Background
The focus of many studies is to estimate the effect of risk factors on outcomes, yet results may be dependent on the choice of other risk factors or potential confounders to include in a statistical model. For complex and unexplored systems, such as the COVID-19 spreading process, where a priori knowledge of potential confounders is lacking, data-driven empirical variable selection methods may be primarily utilized. Published studies often lack a sensitivity analysis as to how results depend on the choice of confounders in the model.
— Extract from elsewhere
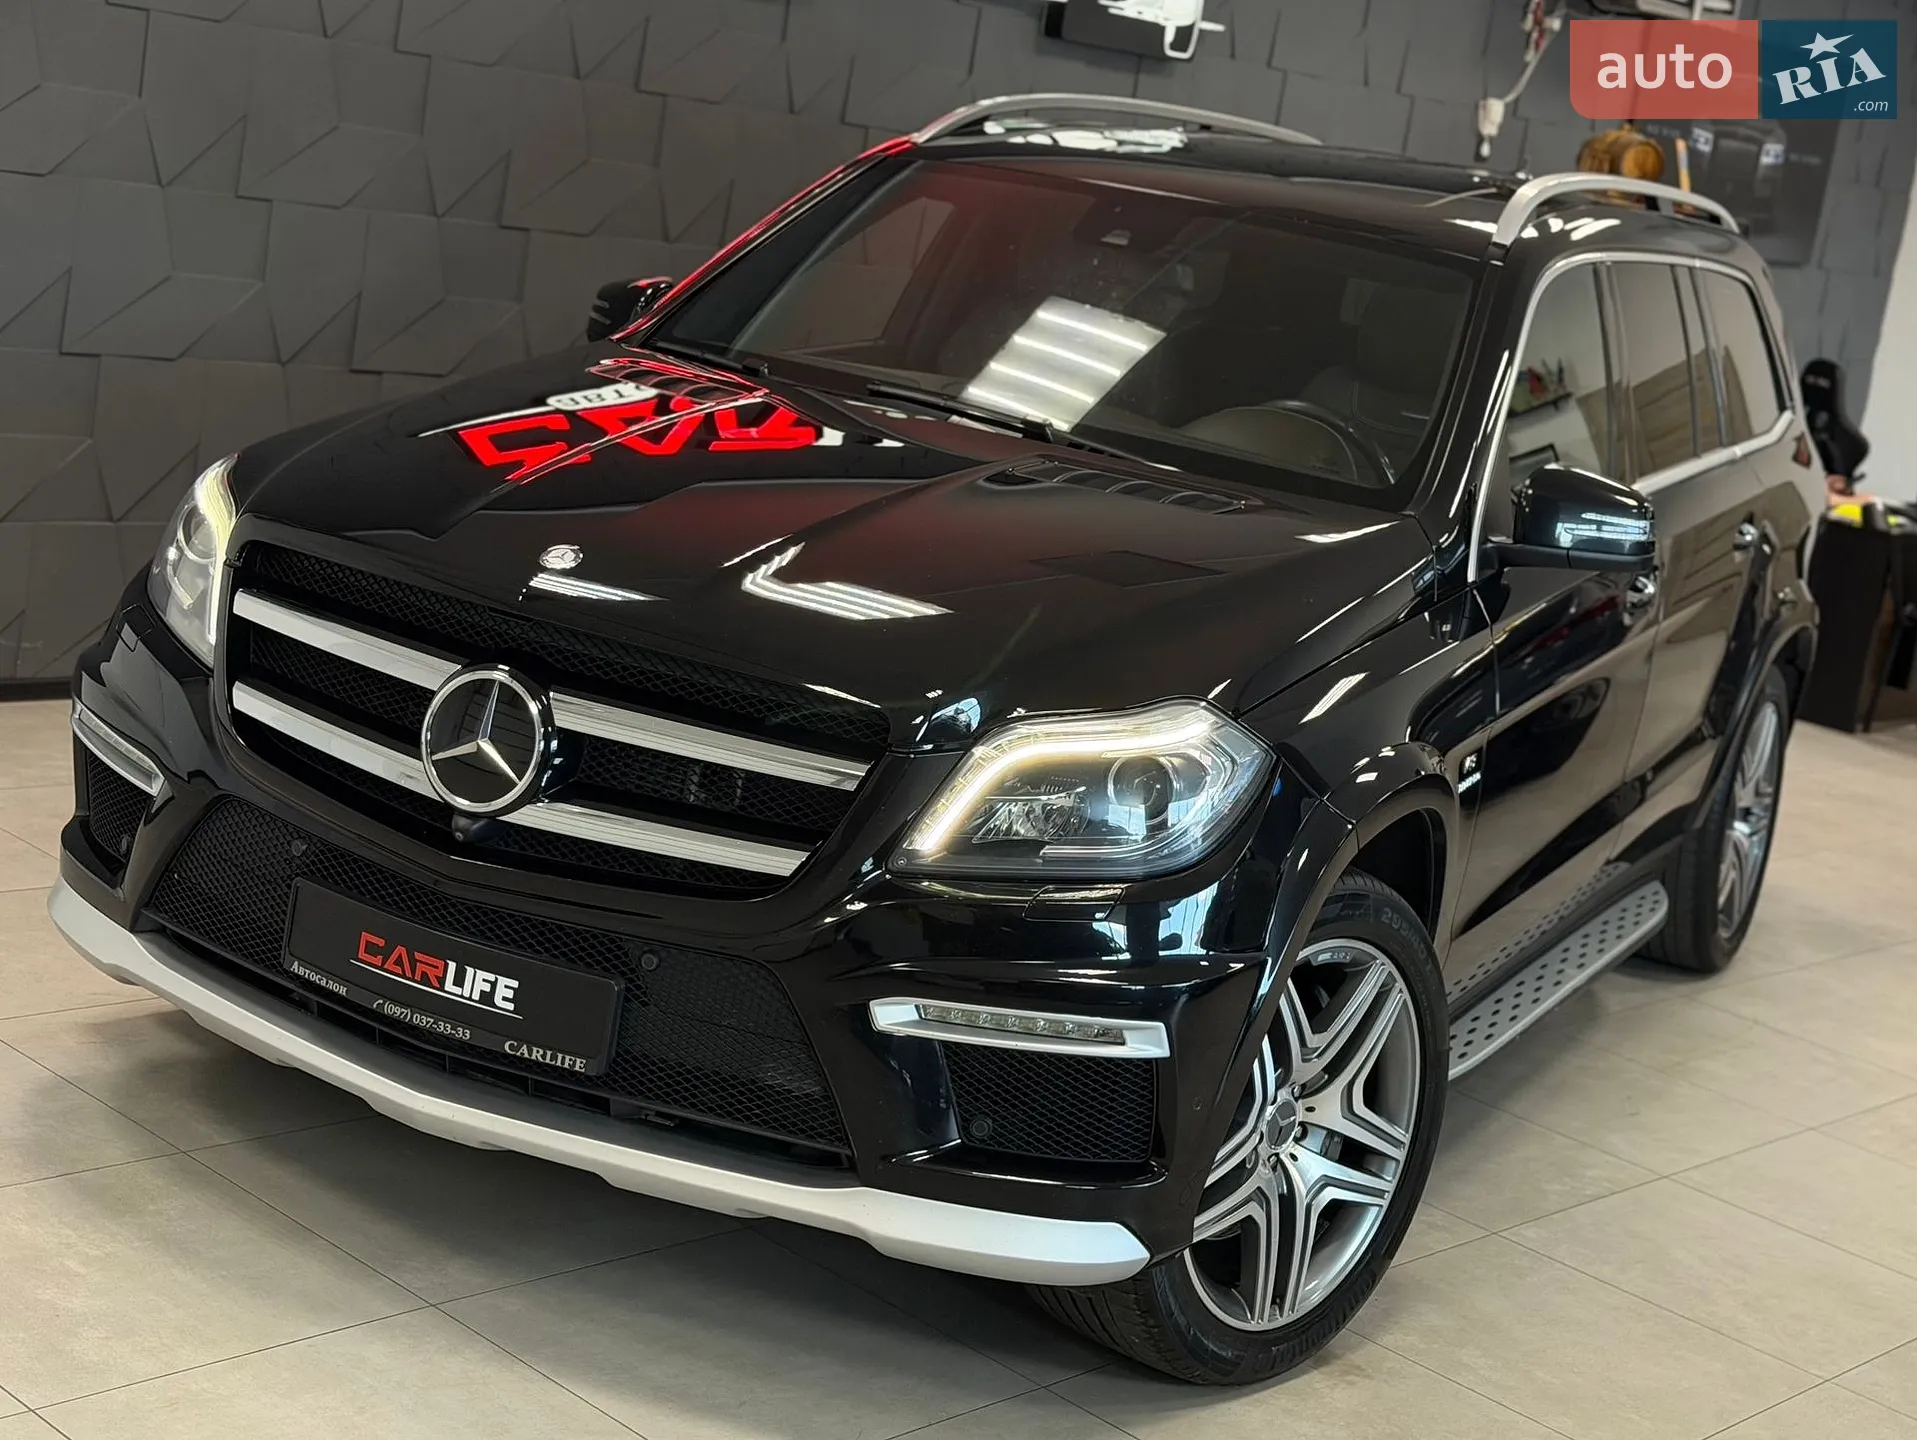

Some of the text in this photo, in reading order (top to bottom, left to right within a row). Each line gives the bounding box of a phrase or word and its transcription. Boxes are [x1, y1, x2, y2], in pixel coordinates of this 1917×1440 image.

This study showed variability in associations of short-term air pollution with COVID-19 mortality in Germany under multiple approaches accounting for confounders in statistical models.
Methods
Associations between air pollution variables PM2.5, PM10, CO, NO, NO2, and O3 and cumulative COVID-19 deaths in 400 German districts were assessed via negative binomial models for two time periods, March 2020–February 2021 and March 2021–February 2022. Prevalent methods for adjustment of confounders were identified after a literature search, including change-in-estimate and information criteria approaches. The methods were compared to assess the impact on the association estimates of air pollution and COVID-19 mortality considering 37 potential confounders.
Results
Univariate analyses showed significant negative associations with COVID-19 mortality for CO, NO, and NO2, and positive associations, at least for the first time period, for O3 and PM2.5. However, these associations became non-significant when other risk factors were accounted for in the model, in particular after adjustment for mobility, political orientation, and age. Model estimates from most selection methods were similar to models including all risk factors.
Conclusion
Results highlight the importance of adequately accounting for high-impact confounders when analyzing associations of air pollution with COVID-19 and show that it can be of help to compare multiple selection approaches. This study showed how model selection processes can be performed using different methods in the context of high-dimensional and correlated covariates, when important confounders are not known a priori. Apparent associations between air pollution and COVID-19 mortality failed to reach significance when leading selection methods were used.